*What the exercise asks*. Type out the lines below exactly, pictures excluded.

[Listed entries — start]

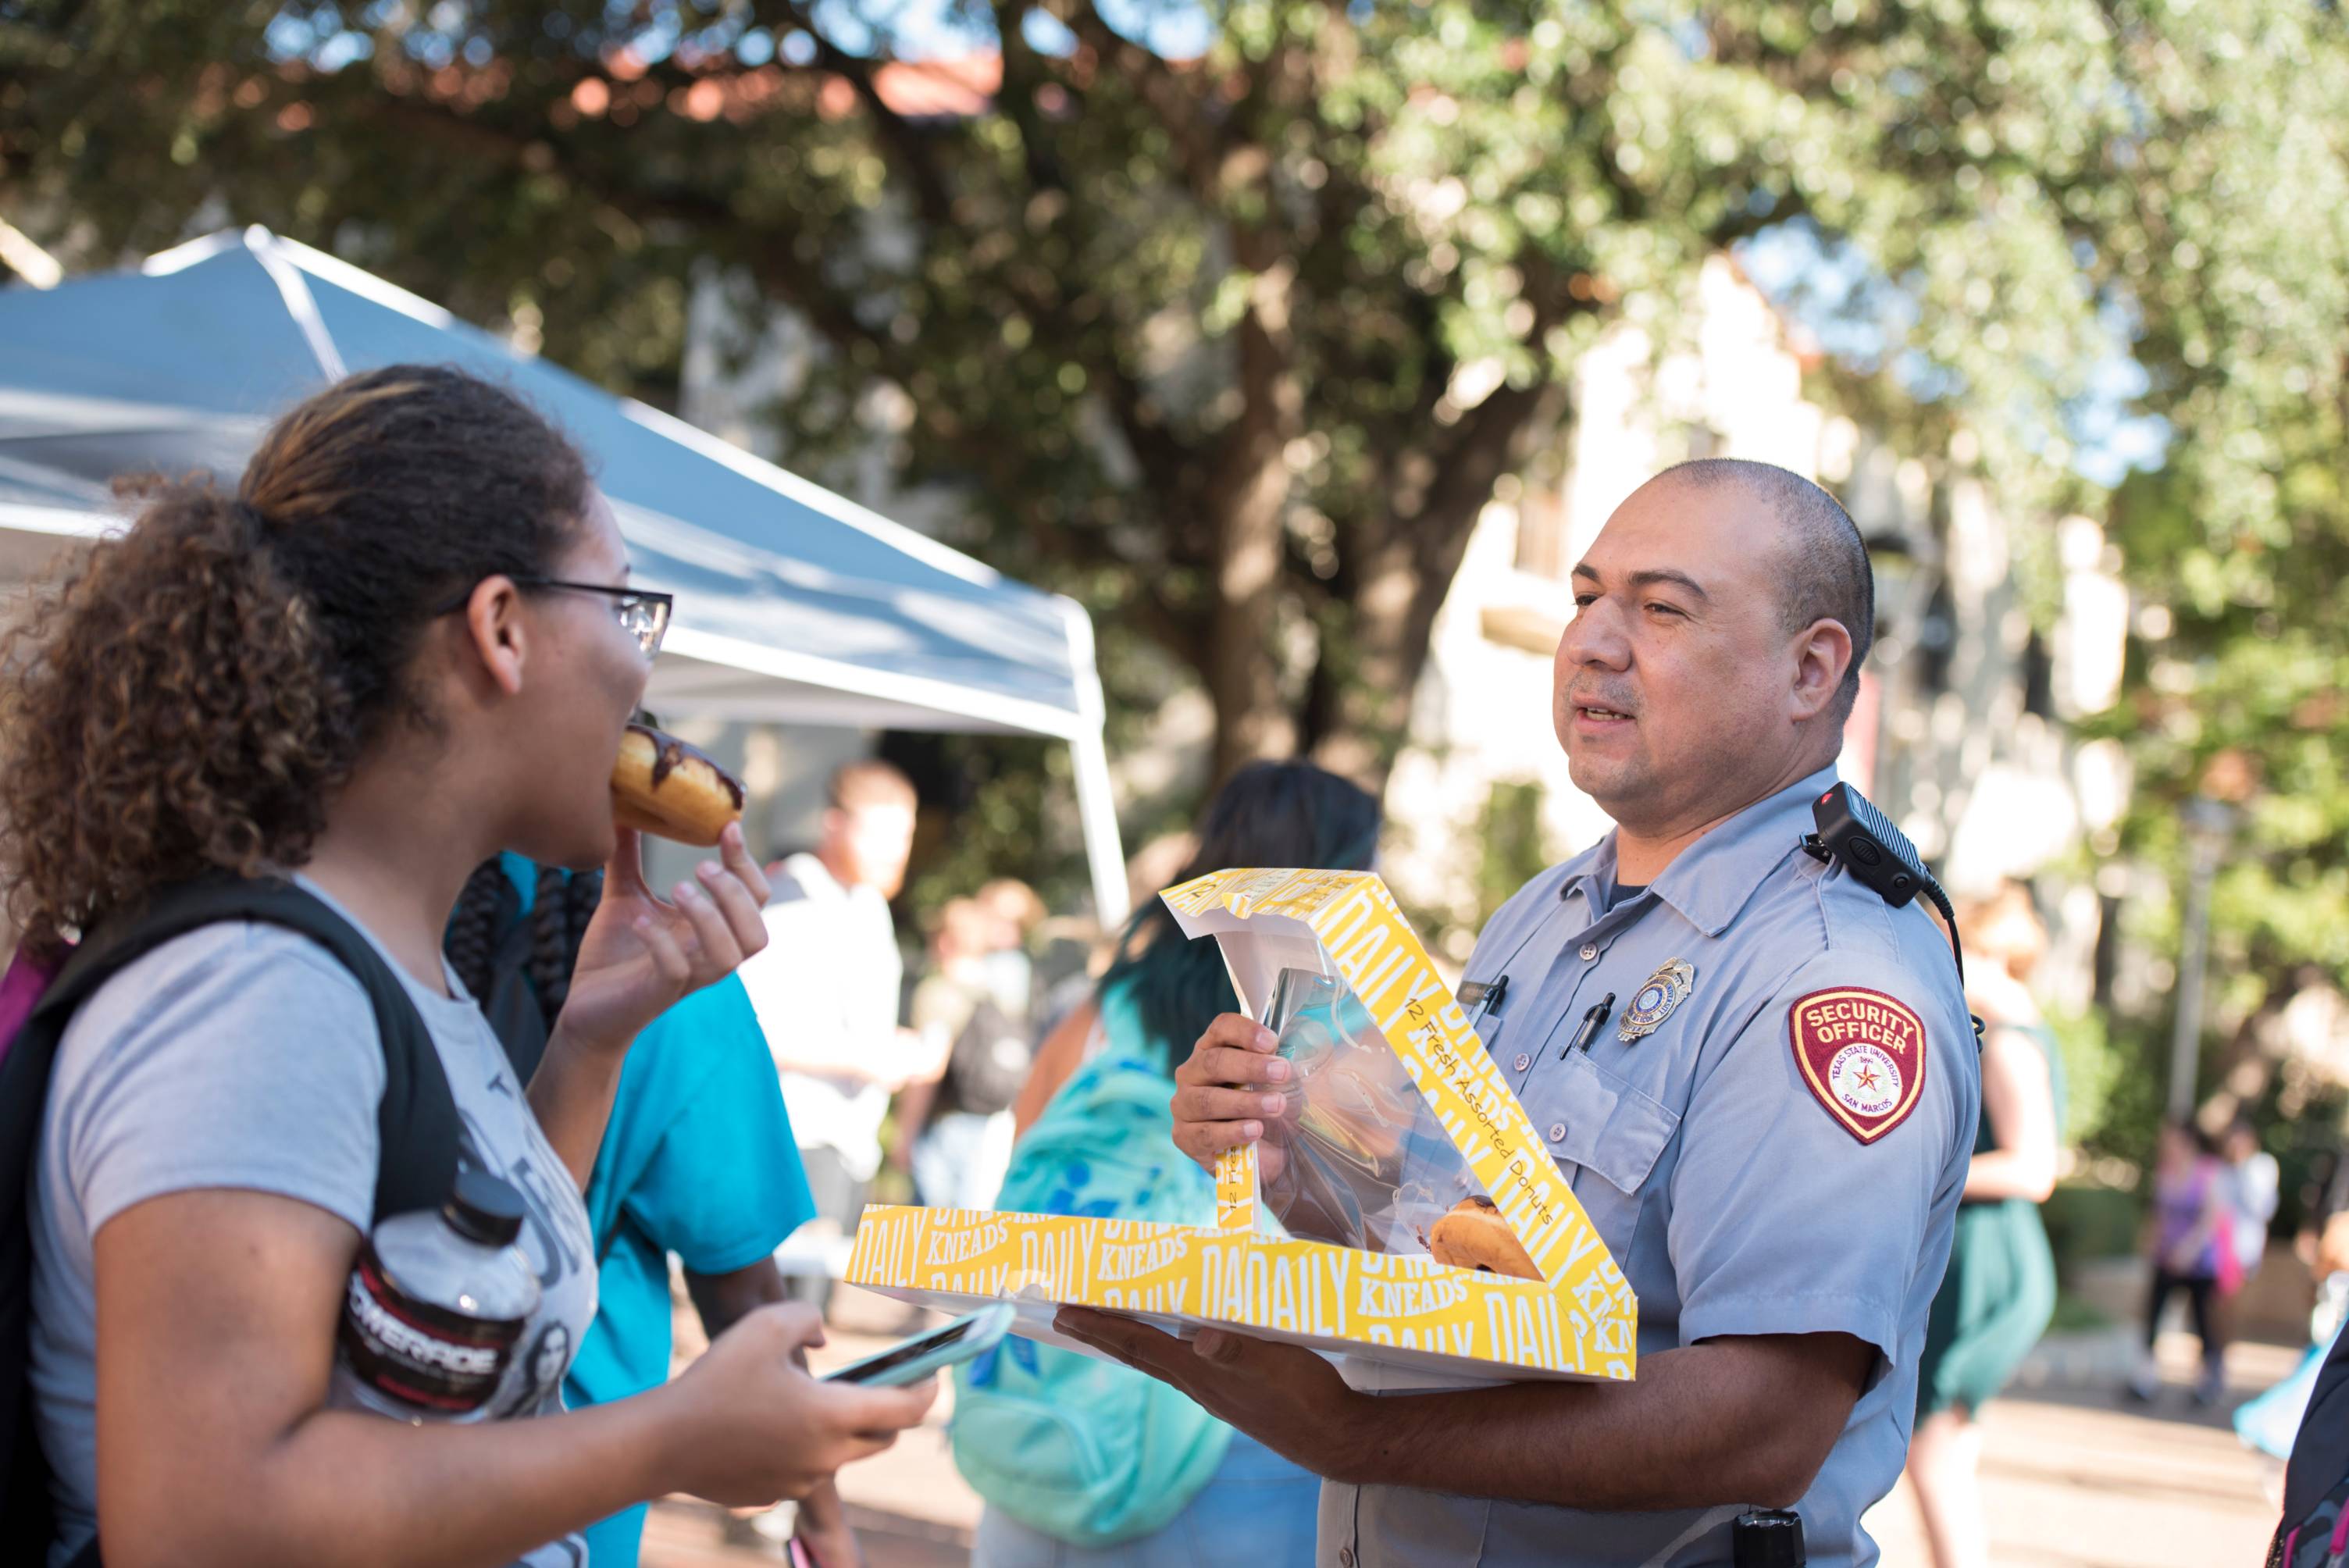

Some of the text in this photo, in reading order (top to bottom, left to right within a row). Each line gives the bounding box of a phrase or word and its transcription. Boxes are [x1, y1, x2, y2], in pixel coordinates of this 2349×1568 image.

[1805, 1003, 1915, 1039] SECURITY
[1816, 1021, 1907, 1054] OFFICER
[1406, 1014, 1513, 1132] KNEADS
[1832, 1046, 1899, 1088] TEXAS STATE UNIVERSITY
[1404, 997, 1425, 1021] 12
[1420, 1021, 1456, 1077] Fresh
[1455, 1079, 1516, 1160] Assorted
[1509, 1160, 1554, 1227] Donuts
[1842, 1093, 1892, 1113] SAN MARCOS
[1228, 1146, 1237, 1184] Fres
[1488, 1147, 1600, 1289] DAILY
[852, 1207, 929, 1287] DAILY
[925, 1219, 1009, 1265] KNEADS
[1018, 1219, 1098, 1303] DAILY
[1097, 1231, 1188, 1281] KNEADS
[1245, 1248, 1351, 1338] DAILY
[1356, 1274, 1468, 1318] KNEADS
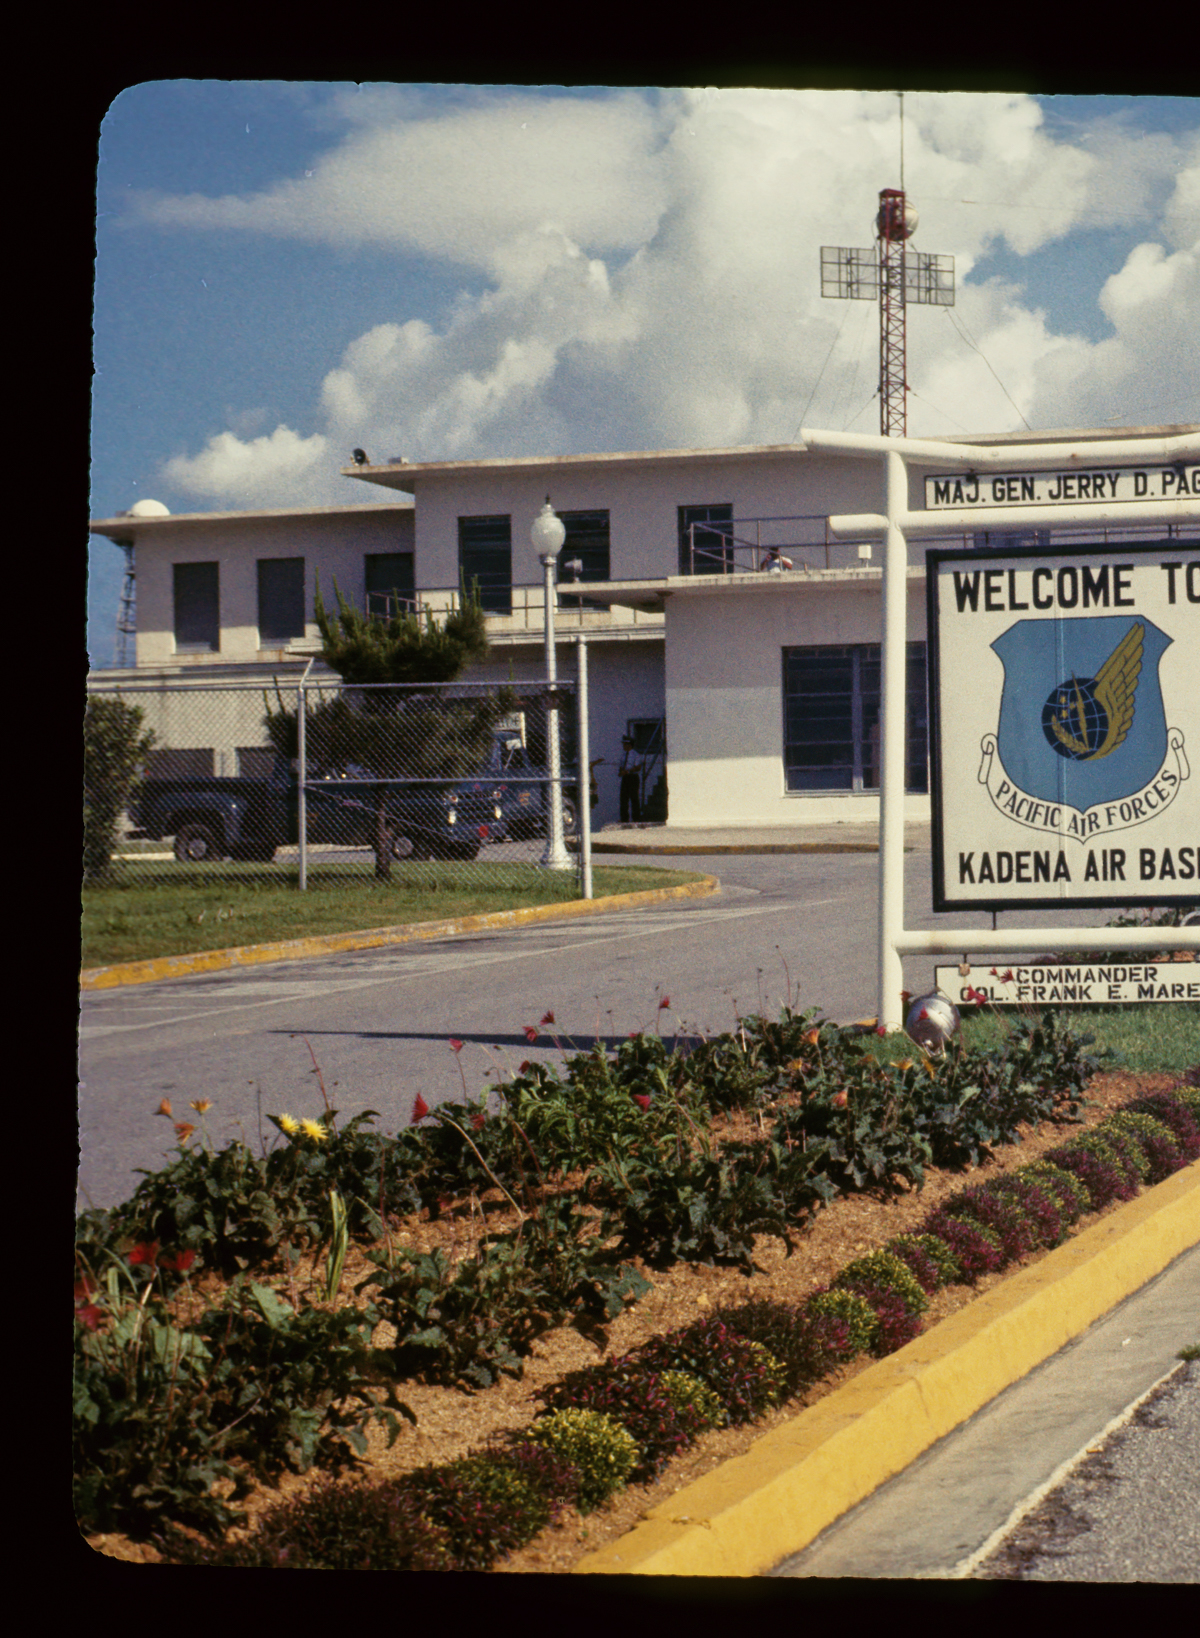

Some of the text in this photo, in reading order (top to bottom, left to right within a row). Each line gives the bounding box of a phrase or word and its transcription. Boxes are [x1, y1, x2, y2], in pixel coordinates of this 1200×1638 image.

[933, 478, 986, 505] MAJ.
[992, 476, 1042, 502] GEN.
[1048, 473, 1121, 500] JERRY
[1133, 471, 1156, 497] D.
[952, 563, 1136, 613] WELCOME
[995, 769, 1179, 837] PACIFIC AIR FORCES
[958, 850, 1072, 885] KADENA
[1083, 848, 1127, 882] AIR
[1015, 966, 1159, 985] COMMANDER
[1016, 985, 1093, 1002] FRANK
[1107, 984, 1129, 1000] E.
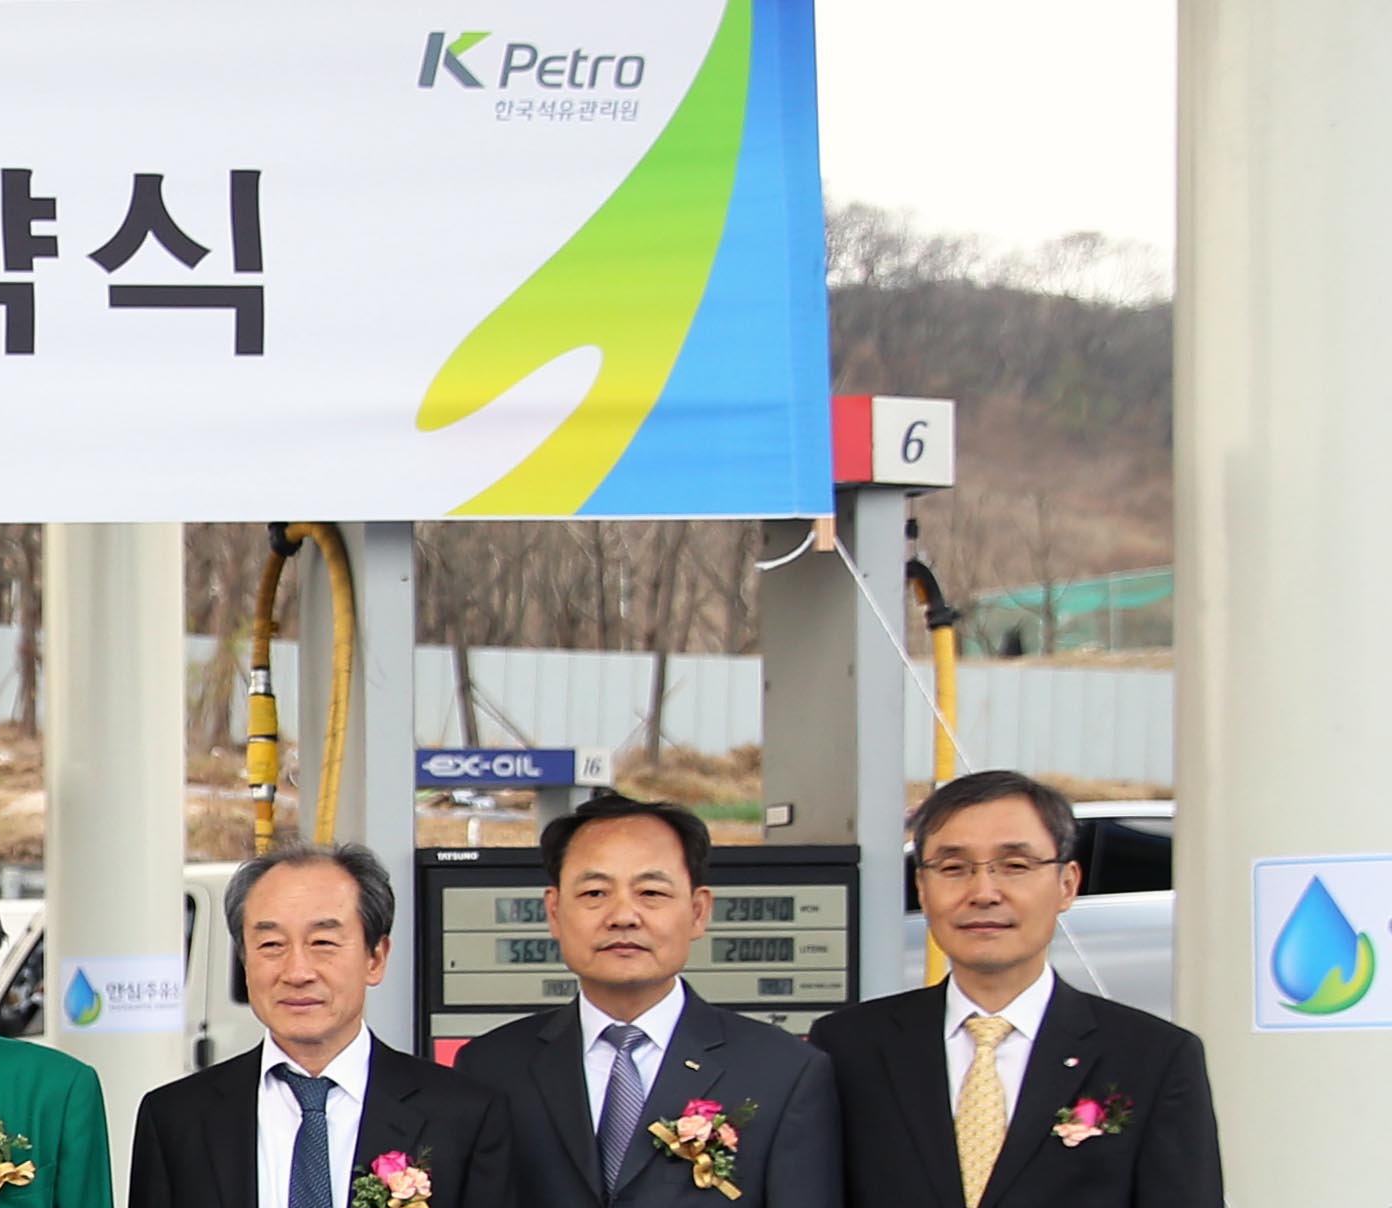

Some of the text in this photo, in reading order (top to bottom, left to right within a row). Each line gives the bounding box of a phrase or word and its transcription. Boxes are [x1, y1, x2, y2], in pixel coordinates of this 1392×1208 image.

[417, 32, 646, 89] K Petro
[493, 100, 639, 121] 한국석유관리원
[901, 420, 928, 463] 6
[583, 758, 601, 776] 16
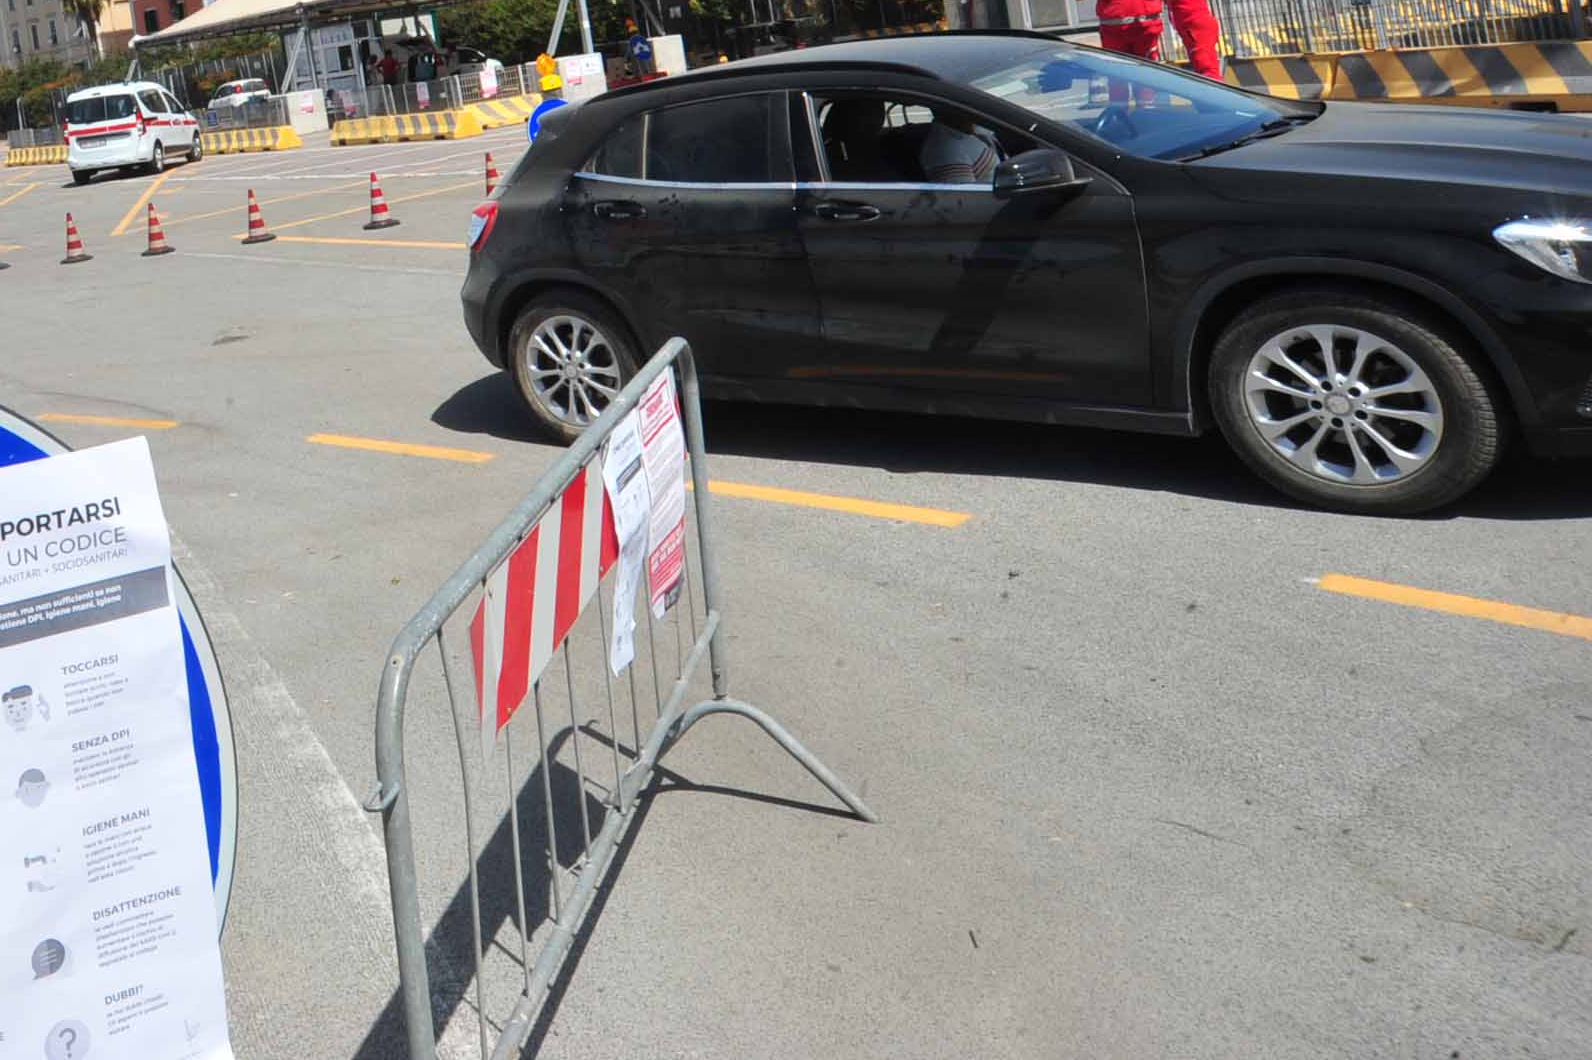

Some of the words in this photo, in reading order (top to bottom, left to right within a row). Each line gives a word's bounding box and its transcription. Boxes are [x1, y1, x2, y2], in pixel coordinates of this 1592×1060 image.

[Listed entries — finish]

*Solution to the exercise*.
Some of the text in this photo, in reading order (top to bottom, left to right within a row). Each line gives the bounding box of a phrase or word and its transcription. Boxes are [x1, y1, x2, y2], in pixel coordinates of this 2349×1568 image.

[1805, 1003, 1915, 1039] SECURITY
[1816, 1021, 1907, 1054] OFFICER
[1406, 1014, 1513, 1132] KNEADS
[1832, 1046, 1899, 1088] TEXAS STATE UNIVERSITY
[1404, 997, 1425, 1021] 12
[1420, 1021, 1456, 1077] Fresh
[1455, 1079, 1516, 1160] Assorted
[1509, 1160, 1554, 1227] Donuts
[1842, 1093, 1892, 1113] SAN MARCOS
[1228, 1146, 1237, 1184] Fres
[1488, 1147, 1600, 1289] DAILY
[852, 1207, 929, 1287] DAILY
[925, 1219, 1009, 1265] KNEADS
[1018, 1219, 1098, 1303] DAILY
[1097, 1231, 1188, 1281] KNEADS
[1245, 1248, 1351, 1338] DAILY
[1356, 1274, 1468, 1318] KNEADS

Some of the text in this photo, in reading order (top to bottom, left to right within a row). Each line gives the bounding box of a phrase or word and its transcription. Boxes are [x1, y1, x2, y2], in pixel coordinates of this 1200×1638 image.

[933, 478, 986, 505] MAJ.
[992, 476, 1042, 502] GEN.
[1048, 473, 1121, 500] JERRY
[1133, 471, 1156, 497] D.
[952, 563, 1136, 613] WELCOME
[995, 769, 1179, 837] PACIFIC AIR FORCES
[958, 850, 1072, 885] KADENA
[1083, 848, 1127, 882] AIR
[1015, 966, 1159, 985] COMMANDER
[1016, 985, 1093, 1002] FRANK
[1107, 984, 1129, 1000] E.

Some of the text in this photo, in reading order (top to bottom, left to right within a row). Each line gives the bounding box of a phrase or word and its transcription. Boxes are [x1, y1, x2, y2], in pixel coordinates of this 1392×1208 image.

[417, 32, 646, 89] K Petro
[493, 100, 639, 121] 한국석유관리원
[901, 420, 928, 463] 6
[583, 758, 601, 776] 16

Some of the words in this photo, in reading order (top to bottom, left to right within a row). Each line gives a word's bounding box and its transcription. Boxes are [x1, y1, x2, y2], in pixel coordinates of this 1592×1060 image.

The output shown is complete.